Given the relatively higher likelihood to skip meals in the disaster-affected households, urgency in delivery of relief response should be a central aspect in disaster management operations. There seems to be a lack of robust community safety nets and a possible deficiency of public social administrative structures of the Government. Going forward, such a situation calls for strengthening a decentralized approach to disaster management operations so as to accommodate and implement tailor-made disaster-specific assessments and interventions that address the unique challenges in different geographical areas.
Whereas emergency nutrition recommendations by the UN agencies have specified a minimum target of 8786 kJ (2100 kcal) during emergency situations( 52 ), translating this recommendation into viable food variety recommendations and food exchange lists is still vital yet unaccomplished in many countries. Moreover, the situation becomes more complex when country-level emergency response programmes lack specific food-based guidelines and minimum relief food specifications for emergency interventions. Essentially, an individual-specific food and nutrition package for disaster victims needs to be clearly defined by policy and legislation in Uganda and other parts of the world so as to guide institutional actions during response. Such a package could take into account the dimension of adequate food within the wider context of the primary obligations of the State to respect, protect and fulfil the human right to adequate food of vulnerable rights holders. In effect, a human rights-based emergency response approach that is based on country-specific relief food guidelines and specifications may have potential to offset the undesirable food insecurity coping strategies that can lead a household into precarious situations of hunger, starvation and related consequences in the aftermath of disasters.

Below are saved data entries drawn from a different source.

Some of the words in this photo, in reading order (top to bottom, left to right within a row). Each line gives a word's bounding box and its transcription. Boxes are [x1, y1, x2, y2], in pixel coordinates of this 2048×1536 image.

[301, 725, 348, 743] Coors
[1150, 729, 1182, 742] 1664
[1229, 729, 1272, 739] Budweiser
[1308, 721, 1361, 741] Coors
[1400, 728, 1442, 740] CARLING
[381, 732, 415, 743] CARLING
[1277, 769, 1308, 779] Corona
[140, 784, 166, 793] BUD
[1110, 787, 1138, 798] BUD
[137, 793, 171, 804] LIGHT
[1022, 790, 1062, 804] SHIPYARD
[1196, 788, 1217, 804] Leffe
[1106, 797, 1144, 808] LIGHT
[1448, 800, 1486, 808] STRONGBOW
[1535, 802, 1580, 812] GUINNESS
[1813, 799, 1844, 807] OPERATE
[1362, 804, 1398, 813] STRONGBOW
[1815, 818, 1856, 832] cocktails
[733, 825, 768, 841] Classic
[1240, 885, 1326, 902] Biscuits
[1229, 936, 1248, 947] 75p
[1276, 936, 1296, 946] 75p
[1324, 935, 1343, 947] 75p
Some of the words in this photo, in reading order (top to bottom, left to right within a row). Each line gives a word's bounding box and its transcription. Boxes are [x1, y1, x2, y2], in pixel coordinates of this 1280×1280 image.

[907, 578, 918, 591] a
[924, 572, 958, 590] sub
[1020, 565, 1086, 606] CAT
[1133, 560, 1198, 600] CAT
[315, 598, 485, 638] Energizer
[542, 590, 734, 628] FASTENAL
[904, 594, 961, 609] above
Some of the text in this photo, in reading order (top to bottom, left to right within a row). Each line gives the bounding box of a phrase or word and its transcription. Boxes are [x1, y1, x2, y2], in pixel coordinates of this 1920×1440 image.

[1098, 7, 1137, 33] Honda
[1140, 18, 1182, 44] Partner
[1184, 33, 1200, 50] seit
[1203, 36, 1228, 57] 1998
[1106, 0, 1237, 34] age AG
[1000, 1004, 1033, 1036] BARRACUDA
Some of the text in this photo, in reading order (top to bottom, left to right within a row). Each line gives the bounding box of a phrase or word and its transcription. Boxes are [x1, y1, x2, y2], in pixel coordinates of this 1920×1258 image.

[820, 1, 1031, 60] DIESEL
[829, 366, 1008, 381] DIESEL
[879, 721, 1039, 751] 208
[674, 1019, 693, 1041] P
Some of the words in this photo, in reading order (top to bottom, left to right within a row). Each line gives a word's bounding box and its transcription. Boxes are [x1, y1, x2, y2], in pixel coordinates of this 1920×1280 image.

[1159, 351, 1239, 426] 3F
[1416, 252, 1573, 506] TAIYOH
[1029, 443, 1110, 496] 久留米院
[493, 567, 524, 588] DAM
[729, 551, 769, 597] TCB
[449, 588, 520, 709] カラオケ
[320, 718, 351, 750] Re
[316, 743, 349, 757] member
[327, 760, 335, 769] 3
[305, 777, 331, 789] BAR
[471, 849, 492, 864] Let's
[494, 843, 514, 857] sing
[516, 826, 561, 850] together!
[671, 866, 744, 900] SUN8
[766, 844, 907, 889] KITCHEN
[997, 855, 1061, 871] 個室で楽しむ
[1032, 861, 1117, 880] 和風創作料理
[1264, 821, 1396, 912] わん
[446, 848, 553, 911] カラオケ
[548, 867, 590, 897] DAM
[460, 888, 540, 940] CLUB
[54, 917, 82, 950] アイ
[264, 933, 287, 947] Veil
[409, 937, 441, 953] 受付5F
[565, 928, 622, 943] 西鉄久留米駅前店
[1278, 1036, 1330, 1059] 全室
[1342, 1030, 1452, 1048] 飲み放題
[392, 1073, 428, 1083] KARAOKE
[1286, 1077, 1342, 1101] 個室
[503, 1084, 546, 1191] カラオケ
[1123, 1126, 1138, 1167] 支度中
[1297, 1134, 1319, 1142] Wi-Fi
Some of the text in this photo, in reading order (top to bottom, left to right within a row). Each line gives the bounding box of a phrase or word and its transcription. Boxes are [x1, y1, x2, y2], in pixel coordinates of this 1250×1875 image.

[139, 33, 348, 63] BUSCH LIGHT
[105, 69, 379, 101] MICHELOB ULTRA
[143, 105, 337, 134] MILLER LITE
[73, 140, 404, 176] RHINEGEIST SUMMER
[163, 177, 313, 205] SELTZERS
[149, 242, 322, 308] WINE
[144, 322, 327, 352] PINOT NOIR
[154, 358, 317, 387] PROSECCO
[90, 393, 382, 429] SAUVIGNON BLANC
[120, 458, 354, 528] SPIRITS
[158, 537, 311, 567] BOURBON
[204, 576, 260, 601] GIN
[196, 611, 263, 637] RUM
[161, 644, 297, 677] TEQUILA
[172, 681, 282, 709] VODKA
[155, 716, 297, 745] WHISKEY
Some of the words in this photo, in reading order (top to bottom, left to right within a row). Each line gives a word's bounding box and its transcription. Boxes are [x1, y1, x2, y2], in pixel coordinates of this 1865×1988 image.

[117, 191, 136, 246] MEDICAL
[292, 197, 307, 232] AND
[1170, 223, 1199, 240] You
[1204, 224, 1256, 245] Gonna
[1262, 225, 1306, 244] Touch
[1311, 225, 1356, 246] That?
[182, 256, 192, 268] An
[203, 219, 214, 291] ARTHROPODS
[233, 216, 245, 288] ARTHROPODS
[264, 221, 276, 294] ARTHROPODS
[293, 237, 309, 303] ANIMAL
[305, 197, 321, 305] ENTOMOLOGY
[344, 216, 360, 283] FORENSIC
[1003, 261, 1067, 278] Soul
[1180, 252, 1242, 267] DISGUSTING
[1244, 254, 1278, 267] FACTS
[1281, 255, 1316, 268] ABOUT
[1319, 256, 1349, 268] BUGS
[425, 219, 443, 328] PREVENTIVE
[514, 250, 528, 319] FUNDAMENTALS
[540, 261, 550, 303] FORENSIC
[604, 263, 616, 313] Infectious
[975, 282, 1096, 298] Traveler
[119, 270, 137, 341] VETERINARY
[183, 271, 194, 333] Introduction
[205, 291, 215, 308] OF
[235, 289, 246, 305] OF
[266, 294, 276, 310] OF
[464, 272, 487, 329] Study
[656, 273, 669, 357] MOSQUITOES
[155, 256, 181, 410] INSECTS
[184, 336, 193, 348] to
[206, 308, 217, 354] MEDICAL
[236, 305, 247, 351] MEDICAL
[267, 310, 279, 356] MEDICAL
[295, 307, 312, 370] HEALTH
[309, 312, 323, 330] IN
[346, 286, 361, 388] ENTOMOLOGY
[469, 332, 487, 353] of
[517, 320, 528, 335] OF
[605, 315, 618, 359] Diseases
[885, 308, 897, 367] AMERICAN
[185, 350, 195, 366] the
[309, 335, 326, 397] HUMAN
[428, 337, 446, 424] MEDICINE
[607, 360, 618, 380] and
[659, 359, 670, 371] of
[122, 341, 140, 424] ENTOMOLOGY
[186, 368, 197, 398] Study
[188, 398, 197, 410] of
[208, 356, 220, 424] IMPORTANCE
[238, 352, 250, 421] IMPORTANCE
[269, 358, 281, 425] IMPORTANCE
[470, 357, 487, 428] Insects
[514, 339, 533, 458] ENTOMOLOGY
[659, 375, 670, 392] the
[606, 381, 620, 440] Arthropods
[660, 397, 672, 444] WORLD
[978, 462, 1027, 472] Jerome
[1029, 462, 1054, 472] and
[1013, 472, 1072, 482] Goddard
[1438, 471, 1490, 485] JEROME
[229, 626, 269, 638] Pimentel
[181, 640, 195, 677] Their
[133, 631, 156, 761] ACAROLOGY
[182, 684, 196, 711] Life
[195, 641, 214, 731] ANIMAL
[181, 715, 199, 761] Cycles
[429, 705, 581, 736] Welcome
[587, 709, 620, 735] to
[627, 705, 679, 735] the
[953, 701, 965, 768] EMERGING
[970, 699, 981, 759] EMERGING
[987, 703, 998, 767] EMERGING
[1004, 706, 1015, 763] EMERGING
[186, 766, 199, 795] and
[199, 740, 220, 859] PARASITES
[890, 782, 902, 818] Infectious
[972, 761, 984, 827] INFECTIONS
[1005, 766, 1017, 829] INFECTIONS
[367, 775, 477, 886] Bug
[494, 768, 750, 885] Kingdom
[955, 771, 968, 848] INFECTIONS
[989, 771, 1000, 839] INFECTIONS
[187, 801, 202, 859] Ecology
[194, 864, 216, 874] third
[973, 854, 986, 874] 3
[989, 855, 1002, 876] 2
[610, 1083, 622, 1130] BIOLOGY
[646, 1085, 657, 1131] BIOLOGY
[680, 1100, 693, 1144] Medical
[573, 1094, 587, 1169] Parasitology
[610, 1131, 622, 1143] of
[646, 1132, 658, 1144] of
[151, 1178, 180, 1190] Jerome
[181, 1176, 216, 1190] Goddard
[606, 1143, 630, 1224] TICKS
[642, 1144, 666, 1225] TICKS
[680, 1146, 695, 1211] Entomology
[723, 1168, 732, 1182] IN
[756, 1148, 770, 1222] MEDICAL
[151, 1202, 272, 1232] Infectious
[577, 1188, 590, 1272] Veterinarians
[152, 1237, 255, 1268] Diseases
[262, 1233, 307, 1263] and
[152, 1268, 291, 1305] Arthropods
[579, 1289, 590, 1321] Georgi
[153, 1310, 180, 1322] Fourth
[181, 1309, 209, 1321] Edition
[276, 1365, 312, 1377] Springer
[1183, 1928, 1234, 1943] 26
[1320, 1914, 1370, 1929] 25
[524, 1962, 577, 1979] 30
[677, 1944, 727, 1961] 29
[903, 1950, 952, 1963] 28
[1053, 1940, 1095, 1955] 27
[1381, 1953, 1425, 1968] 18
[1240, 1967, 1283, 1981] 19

Financial support: The study was financed in part by the Throne Holst Foundation at the University of Oslo, Norway. The funder had no role in the design, analysis or writing of this article. Conflict of interest: None. Authorship: P.M.R. implemented the data collection, P.O.I., A.O., B.R., J.K. and B.A.A. supervised the survey and data management. All authors were active in planning and design of the study as well as the analysis, writing and approval of the final manuscript. Ethics of human subject participation: Ethical approval was granted by the Uganda National Council of Science and Technology (reference number SS 2885 of 2012). Consent to the study was in writing or by ink-print of the right-hand index finger for those unable to write their consent. Confidentiality and all other standards set by the Helsinki Declaration were also upheld.